Boil

Bun Thit Nuong (Noodle Salad)

October 21, 2020
0 Ratings
Photo by Chef Nini Nguyen
Watch This Recipe
Bun Thit Nuong (Noodle Salad)
  • Prep time 45 minutes
  • Cook time 15 minutes
  • Serves 4
Ingredients
  • Marinade
  • 1 lemongrass stalk, finely sliced (fresh if you can, but 1/3 cup frozen chopped lemongrass works as well)
  • 4 garlic cloves
  • 2 to 3 Thai chiles
  • 1/2 cup oyster sauce (if you can’t find this, substitute 2 tablespoons granulated sugar plus 1/3 cup fish sauce)
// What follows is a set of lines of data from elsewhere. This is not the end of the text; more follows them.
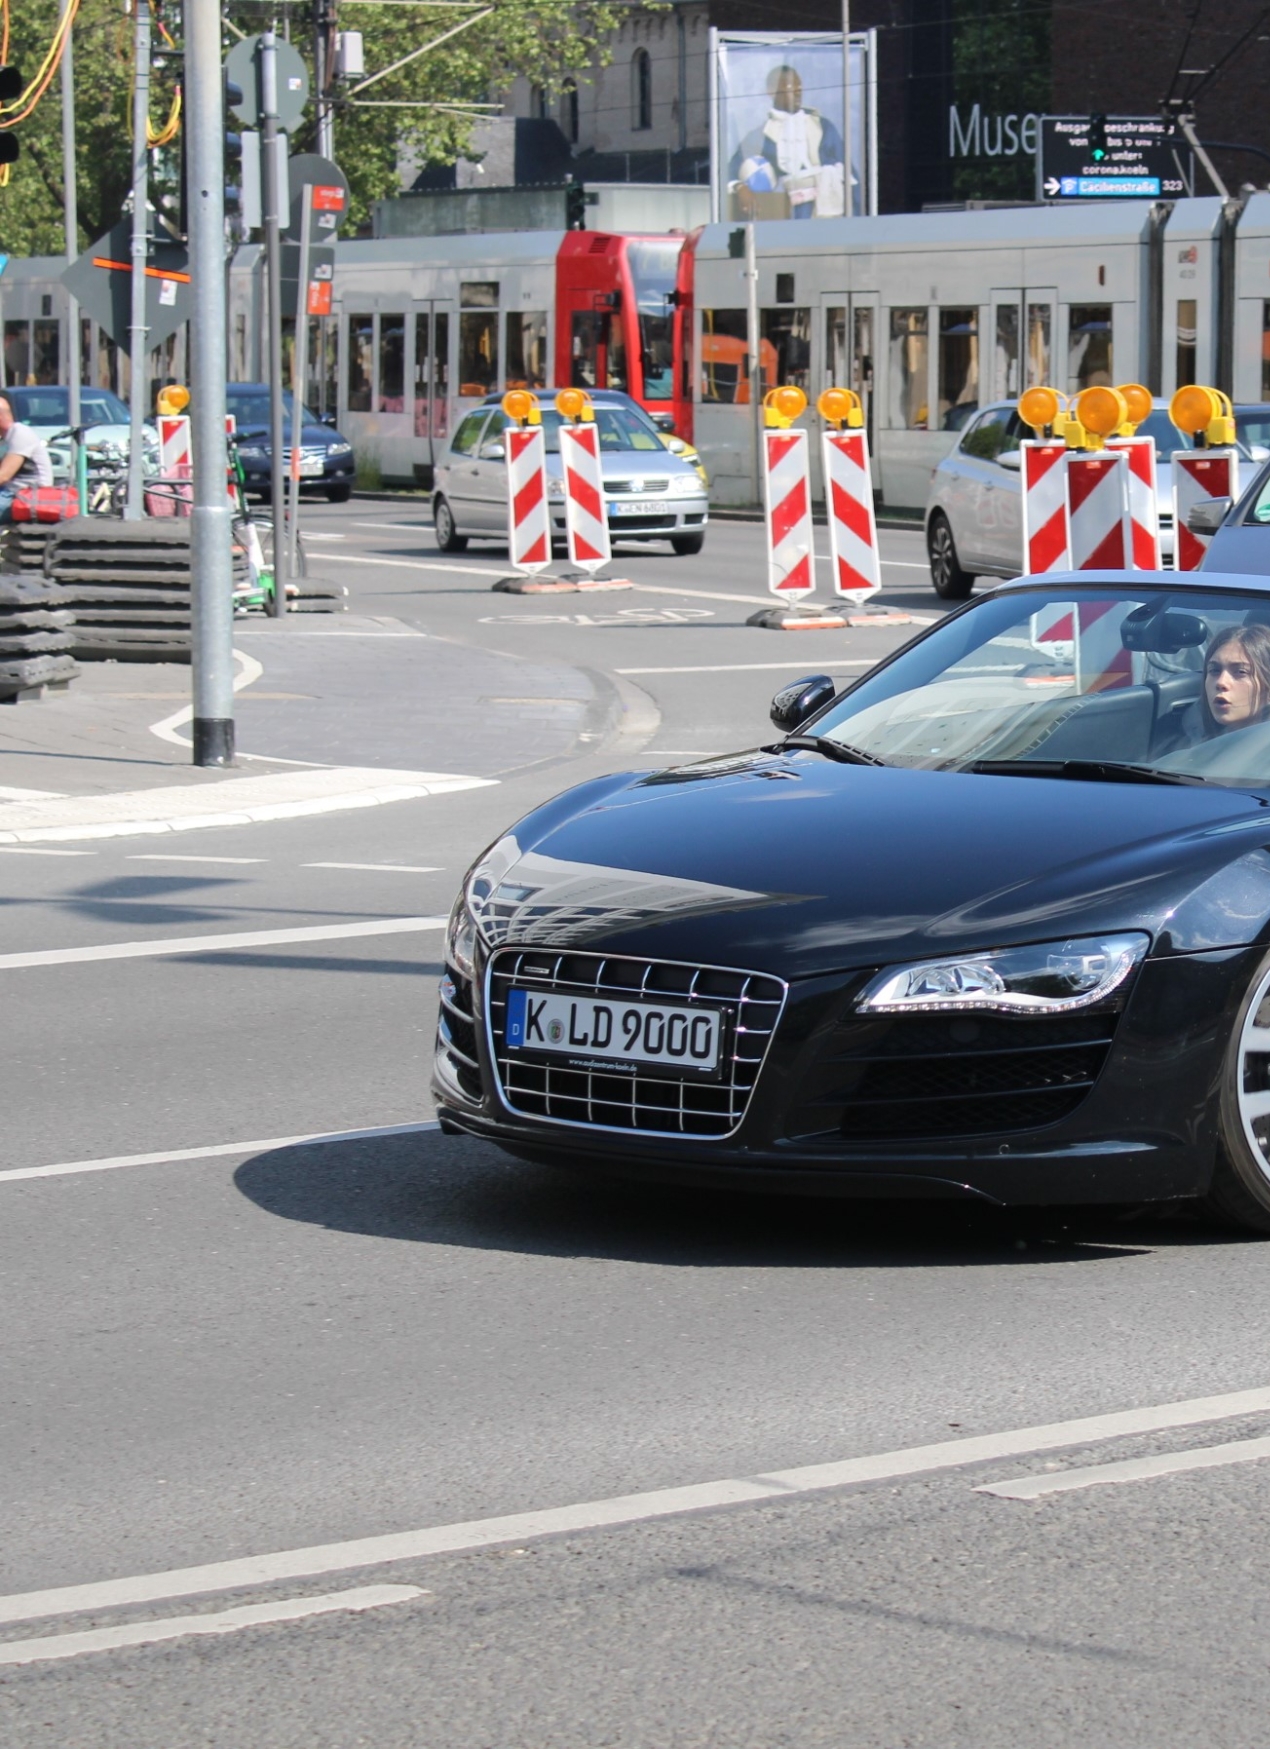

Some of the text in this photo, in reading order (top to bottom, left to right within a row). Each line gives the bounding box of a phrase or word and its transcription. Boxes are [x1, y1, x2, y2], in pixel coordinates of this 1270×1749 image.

[1162, 180, 1183, 191] 323
[526, 998, 548, 1042] K
[569, 1003, 613, 1049] LD
[623, 1009, 712, 1060] 9000
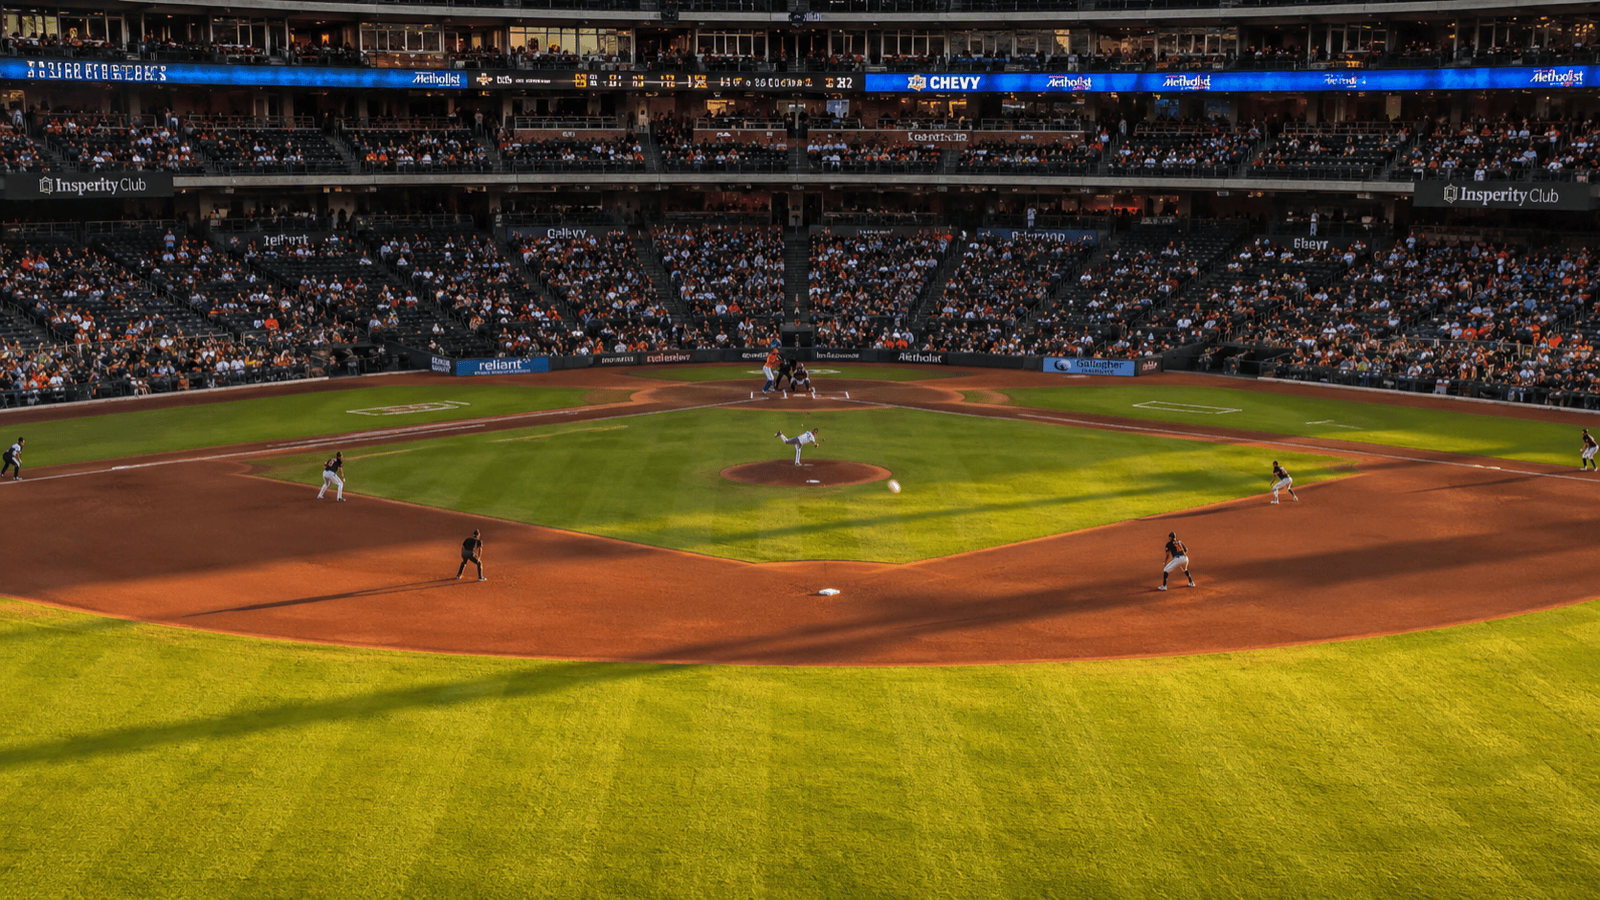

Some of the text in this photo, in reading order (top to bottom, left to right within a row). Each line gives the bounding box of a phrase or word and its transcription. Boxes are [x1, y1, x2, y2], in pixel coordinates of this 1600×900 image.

[930, 76, 981, 90] CHEVY
[55, 177, 147, 196] Insperity Club
[1460, 186, 1559, 207] Insperity Club
[479, 359, 523, 371] reliant
  • 1 1/2 pounds boneless chicken thighs or thinly sliced pork
  • Sauce
  • 4 garlic cloves
  • 1 Thai chile (or any spicy pepper, like serrano or jalapeño)
  • 1/4 cup granulated sugar
  • 1/4 cup fish sauce*
  • 1/4 cup freshly squeezed lime juice
  • Noodle bowl
  • 1 (16-ounce) pack vermicelli rice noodles
  • 1 head lettuce
  • 1 English cucumber
  • 1 carrot
  • 1 bunch fresh cilantro
  • 1 bunch fresh mint
  • 1 pound bean sprouts
  • 1/4 cup crushed peanuts
In This Recipe
Directions
  1. Make the marinade: Using a mortar and pestle, crush the lemongrass. Add the garlic and chiles, and crush. Add the oyster sauce and stir with a spoon. Rub the marinade onto the meat and marinate for at least 30 minutes or up to overnight.
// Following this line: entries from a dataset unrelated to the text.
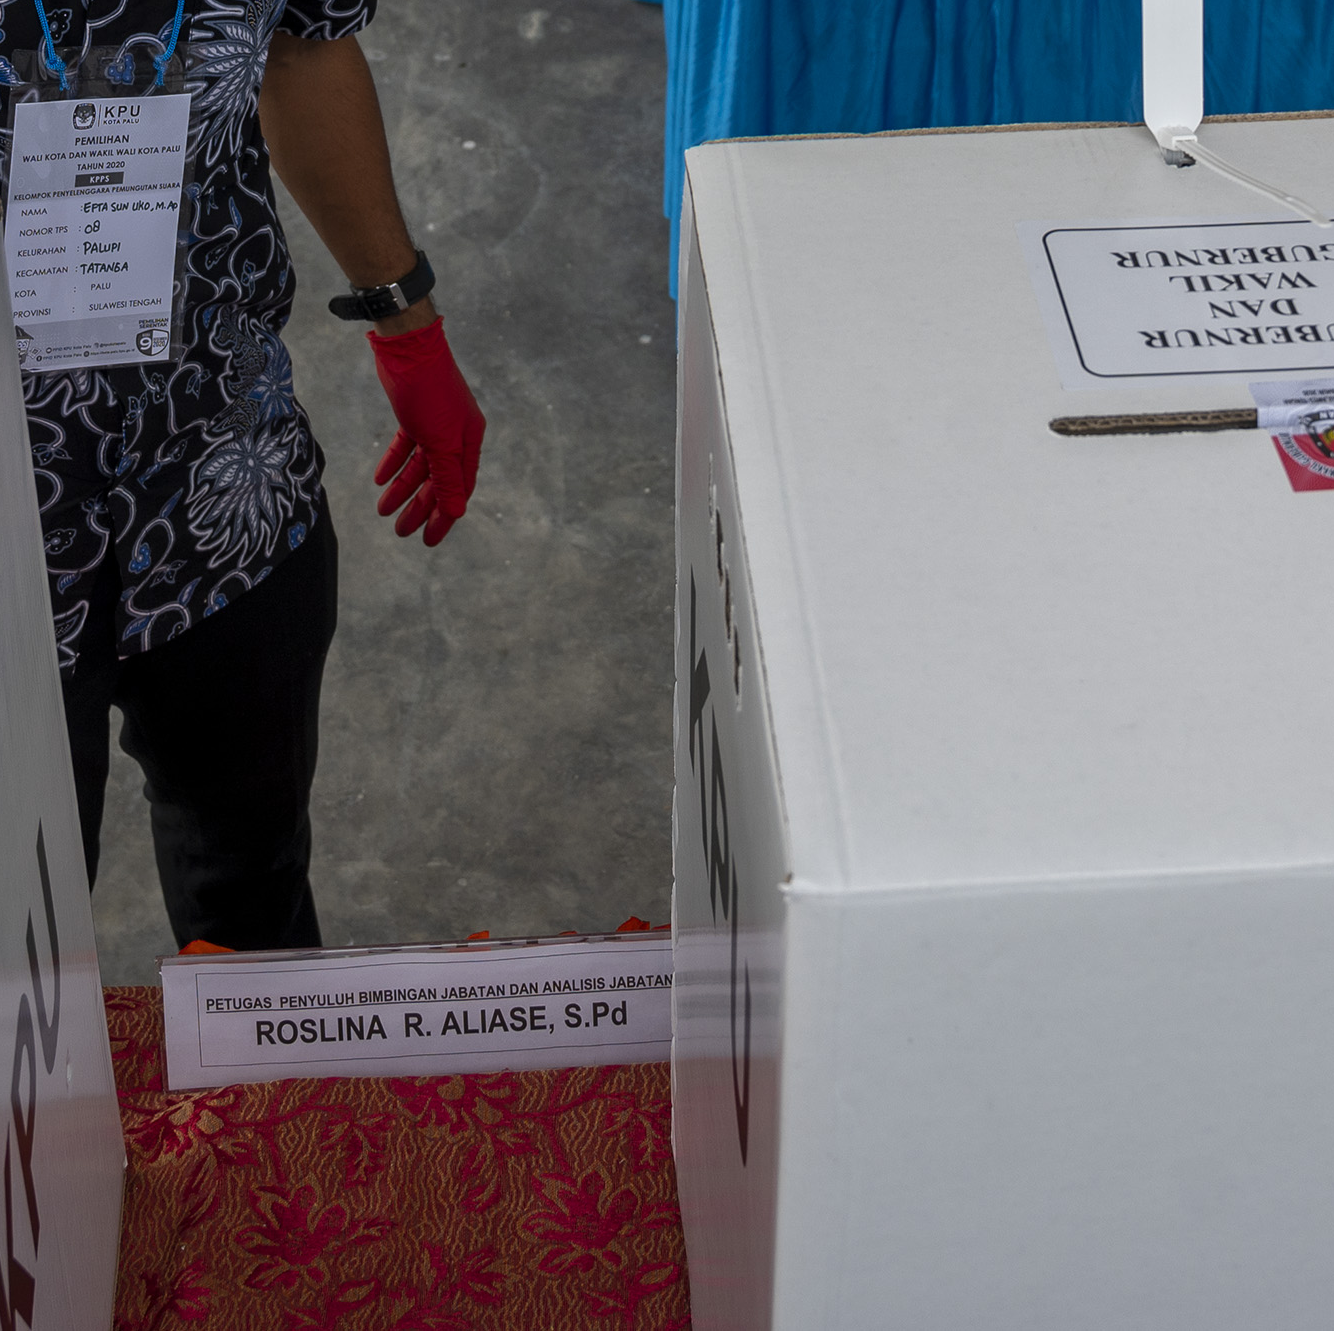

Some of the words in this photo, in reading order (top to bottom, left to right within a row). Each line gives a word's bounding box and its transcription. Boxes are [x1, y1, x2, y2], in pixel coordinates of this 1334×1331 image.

[105, 105, 141, 118] KPU
[75, 135, 130, 146] PEMILIHAN
[23, 155, 42, 163] WALI
[45, 153, 67, 161] KOTA
[89, 150, 114, 158] WAKIL
[117, 148, 135, 156] WALI
[138, 147, 159, 155] KOTA
[161, 145, 181, 153] PALU
[77, 163, 104, 171] TAHUN
[106, 161, 125, 169] 2020
[14, 192, 51, 201] KELOMPOK
[53, 187, 110, 197] PENYELENGGARA
[112, 184, 158, 193] PEMUNGUTAN
[159, 182, 181, 190] SUARA
[21, 209, 48, 217] NAMA
[111, 202, 129, 212] SUN
[19, 228, 53, 237] NOMOR
[55, 226, 68, 234] TPS
[84, 220, 101, 234] 08
[17, 246, 66, 257] KELURAHAN
[83, 241, 121, 255] PALUPI
[16, 266, 68, 278] KECAMATAN
[14, 290, 37, 298] KOTA
[91, 282, 111, 291] PALU
[1169, 271, 1318, 293] WAKIL
[13, 309, 51, 319] PROVINSI
[89, 302, 127, 311] SULAWESI
[129, 298, 162, 308] TENGAH
[1208, 298, 1302, 319] DAN
[140, 339, 151, 350] 9
[690, 564, 751, 1168] KPU
[206, 996, 272, 1012] PETUGAS
[279, 992, 355, 1008] PENYULUH
[359, 988, 437, 1004] BIMBINGAN
[441, 985, 506, 1001] JABATAN
[509, 982, 539, 997] DAN
[542, 977, 606, 994] ANALISIS
[609, 974, 673, 990] JABATAN
[255, 1014, 387, 1045] ROSLINA
[404, 1012, 432, 1037] R.
[441, 1004, 555, 1036] ALIASE,
[563, 1000, 628, 1029] S.Pd
  2. Make the sauce: Using a mortar and pestle, combine the garlic, chile, and a little bit of sugar, and beat until it forms a paste. Mix in the rest of the sugar, then add the fish sauce and lime juice. Place in another container and keep in the fridge.
  3. Boil the noodles according to the package instructions and wash with cold water to chill them.
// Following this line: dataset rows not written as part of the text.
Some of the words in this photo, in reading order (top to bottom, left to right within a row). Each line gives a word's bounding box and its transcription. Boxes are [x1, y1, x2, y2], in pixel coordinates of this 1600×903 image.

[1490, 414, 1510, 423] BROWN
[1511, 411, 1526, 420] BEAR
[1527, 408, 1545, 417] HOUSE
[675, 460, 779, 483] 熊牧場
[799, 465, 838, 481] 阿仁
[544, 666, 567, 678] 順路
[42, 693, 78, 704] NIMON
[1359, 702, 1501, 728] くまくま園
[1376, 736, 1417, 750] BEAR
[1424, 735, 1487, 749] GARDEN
  4. Pan-fry the meat or grill it on skewers if you have a grill.
  5. Finely cut all of the vegetables and pick the herbs.
  6. Build the bowl: Place the noodles in the bowl and distribute all the other ingredients on top. Dress with the sauce.
  7. *I prefer the Megachef brand of fish sauce. It has a lot of umami flavor. If you are at the store comparing fish sauces, compare the sodium content and the protein. High protein and low sodium is what you are looking for. More protein means more unmami from the fish and less sodium means the fish sauce relies on more fish for flavor.